Ceci comprend les mesures de libération de neurotransmetteurs. Alors que les agonistes inhibent généralement cette libération, les antagonistes/agonistes inverses stimulent la libération de neurotransmetteurs (Schlicker and Kathmann, 2001). Dans cette catégorie on trouve également l’inhibition de la DSI dans les tranches de cerveau par l’AM281 ou l’AM251 (Ohno-Shosaku et al., 2001; Wilson and Nicoll, 2001).

4.8.3 Effets cannabinoïde inverse in vitro

Dans cette catégorie, on trouve les tests portant sur l’activation des voies de signalisation. Les antagonistes/agonistes inverses peuvent provoquer une stimulation de la production d’AMPc (Figure 17B), une inhibition des MAPK (Figure 17C), une activation des courants calciques (Figure 17D). Ces données ont été recueillies pour des récepteurs CB1 exprimés de manière hétérologue dans des lignées cellulaires ou dans des cellules en culture exprimant le récepteur CB1 endogène comme les neurones du DRG (Dorsal Root Ganglion) ou les cellules granulaires du cervelet. Enfin, on trouve aussi les données de liaison du ³⁵[S]GTPγS dans des préparations de membrane, montrant une inhibition de la liaison en présence d’antagoniste/agoniste inverse (Figure

17E) (Landsman et al., 1997; MacLennan et al., 1998).

4.8.4 Agonistes endogènes ou activité constitutive ?

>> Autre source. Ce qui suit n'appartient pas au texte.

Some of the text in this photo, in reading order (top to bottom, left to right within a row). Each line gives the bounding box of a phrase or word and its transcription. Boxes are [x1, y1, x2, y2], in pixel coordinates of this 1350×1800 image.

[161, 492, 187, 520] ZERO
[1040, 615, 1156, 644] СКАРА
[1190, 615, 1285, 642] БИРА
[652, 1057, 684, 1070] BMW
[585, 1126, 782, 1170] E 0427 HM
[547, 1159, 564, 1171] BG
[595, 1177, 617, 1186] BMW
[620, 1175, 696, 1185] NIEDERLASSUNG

Parmi ces données, il est souvent délicat d’évaluer la part d’effet cannabinoïde inverse due à l’antagonisme d’agonistes endogènes et la part d’effet due à l’inhibition de l’activité constitutive du récepteur, et ces possibilités sont rarement discriminées expérimentalement. Il est néanmoins clair que dans certaines études, l’effet de l’antagoniste/agoniste inverse provient des agonistes endogènes, par exemple dans le modèle des cultures de cellules granulaires du cervelet (Breivogel et al., 2004). Dans cette étude, l’AM281 diminue la liaison du ³⁵[S]GTPγS sur les cellules perméabilisées (préparation contenant des endocannabinoïdes) mais n’a pas d’effet sur la liaison du 35[S]GTPγS sur des membranes préparées à partir de ces cultures (préparation dénuée d’endocannabinoïdes). Au-delà de ce rôle des agonistes endogènes dans l’activité basale du récepteur CB1, l’existence d’effets des antagonistes/agonistes inverses indépendants du récepteur CB1 a été évoquée pour réfuter l’activité constitutive de CB1 (Savinainen et al., 2003).

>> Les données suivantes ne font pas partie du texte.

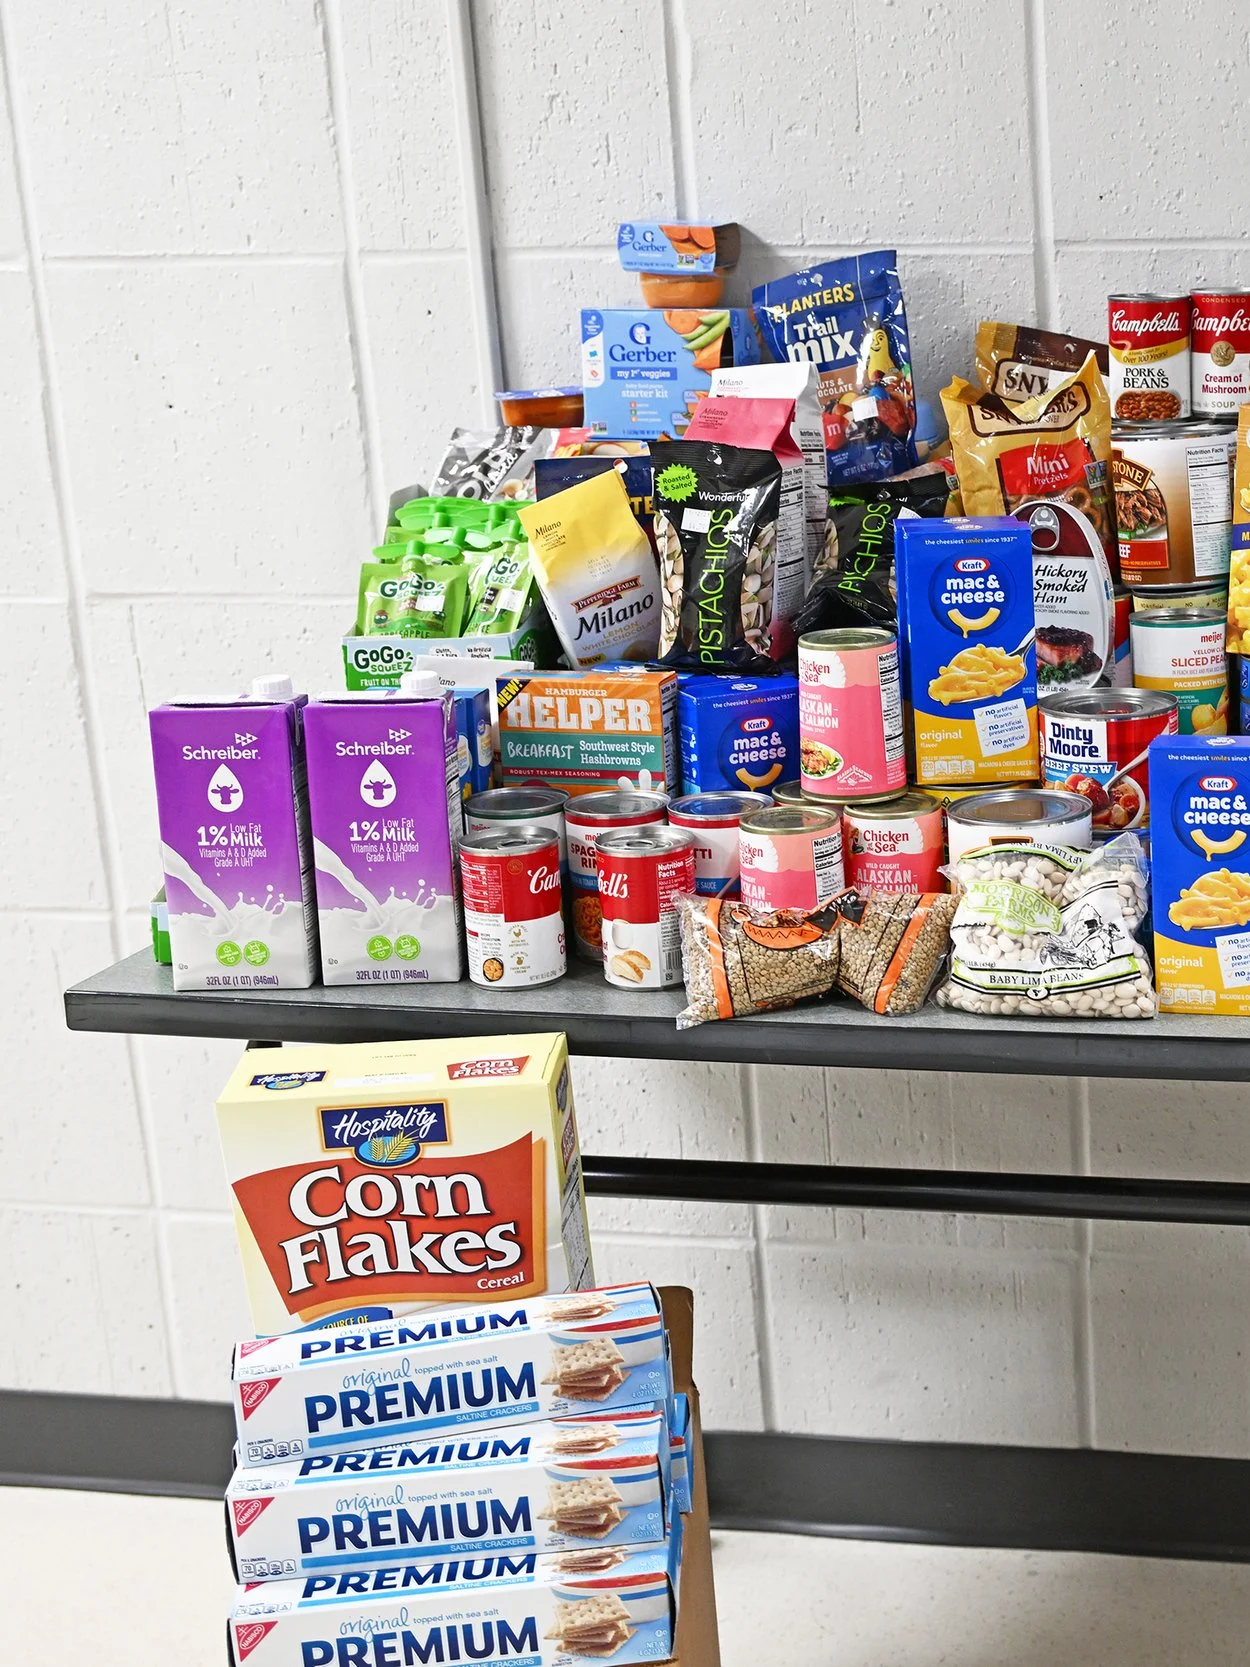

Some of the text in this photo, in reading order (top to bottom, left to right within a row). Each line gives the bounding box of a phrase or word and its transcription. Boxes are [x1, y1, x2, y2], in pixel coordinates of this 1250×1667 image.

[632, 241, 668, 254] Gerber
[772, 281, 855, 322] PLANTERS
[792, 315, 838, 337] Trail
[1111, 309, 1183, 336] Campbell's
[608, 343, 678, 363] Gerber
[785, 332, 857, 365] mix
[1126, 366, 1167, 378] PORK &
[1205, 373, 1233, 384] Cream
[1122, 377, 1170, 389] BEANS
[1202, 383, 1248, 396] Mushroom
[622, 386, 669, 399] starter kit
[1026, 452, 1070, 475] Mini
[961, 560, 984, 571] Kraft
[1034, 563, 1088, 583] Hickory
[699, 506, 734, 665] PISTACHIOS
[946, 573, 1001, 590] mac &
[1033, 577, 1088, 594] Smoked
[577, 580, 637, 610] PEPPERIDGE FARM
[1033, 590, 1068, 605] Ham
[545, 687, 608, 697] HAMBURGER
[507, 692, 653, 732] HELPER
[1050, 720, 1095, 749] Dinty
[335, 741, 416, 758] Schreiber
[507, 741, 575, 761] BREAKFAST
[580, 740, 655, 754] Southwest Style
[1048, 737, 1099, 760] Moore
[580, 753, 641, 766] Hashbrowns
[1044, 759, 1113, 776] BEEF STEW
[382, 817, 415, 830] Low Fat
[382, 826, 417, 842] Milk
[863, 829, 911, 843] Chicken
[856, 869, 913, 884] ALASKAN
[331, 1106, 439, 1145] Hospitality
[288, 1164, 492, 1228] Corn
[278, 1218, 523, 1296] Flakes
[342, 1354, 499, 1397] original topped with sea salt
[304, 1361, 537, 1434] PREMIUM
[455, 1403, 533, 1424] SALTINE CRACKERS

Cependant, nombre d’études ont clairement montré l’existence d’une activité constitutive intrinsèque au récepteur. Dans le cadre de préparations de membranes, la présence d’agonistes endogènes est exclue. Ce type d’expérience permet de démontrer l’activité constitutive du récepteur

CB1 et d’assigner sans ambiguïté un rôle d’agoniste inverse pour le SR141716A (Landsman et al., 1997). Citons également l’effet de l’AM251 sur la libération d’acétylcholine par les synaptosomes, préparation dénuée d’endocannabinoïdes, comme preuve formelle de l’activité agoniste inverse de ce composé (Gifford et al., 2000). L’existence d’effets cannabinoïdes inverses dans des cellules exprimant CB1 de manière hétérologue, et qui ne possèdent a priori pas la machinerie nécessaire à la synthèse d’endocannabinoïdes est également un indication forte d’un effet agoniste inverse sur le récepteur constitutivement actif : effets du SR141716A sur l’activité MAPK dans les cellules CHO (Bouaboula et al., 1997), sur les courants potassiques dans les oocytes de xénope (McAllister et al., 1999) ou effet de l’AM281 sur les courants calciques et potassiques dans les cellules HEK-293 (Vasquez et al., 2003). L’équipe de Deborah Lewis (Pan et al., 1998) a démontré l’activité constitutive de récepteurs CB1 exprimés dans des cultures de neurones sympathiques du ganglion pelvien majeur de rat (SCG) en mesurant l’inhibition des courants calciques (voir Figure 17D). Dans cette étude, l’effet d’agonistes endogènes a été exclu en utilisant des conditions de perfusion continue (qui lave les ligands éventuellement produits), ou un milieu sans calcium (qui empêche la production d’endocannabinoïdes), et en vérifiant qu’une addition d’AEA exogène ne modifiait pas l’effet du SR141716A. Ces résultats sont confirmés dans une autre étude, qui démontre l’inhibition des courants calciques par le SR141716A dans les neurones du DRG de rat exprimant le récepteur CB1 de façon endogène (Ross et al., 2001).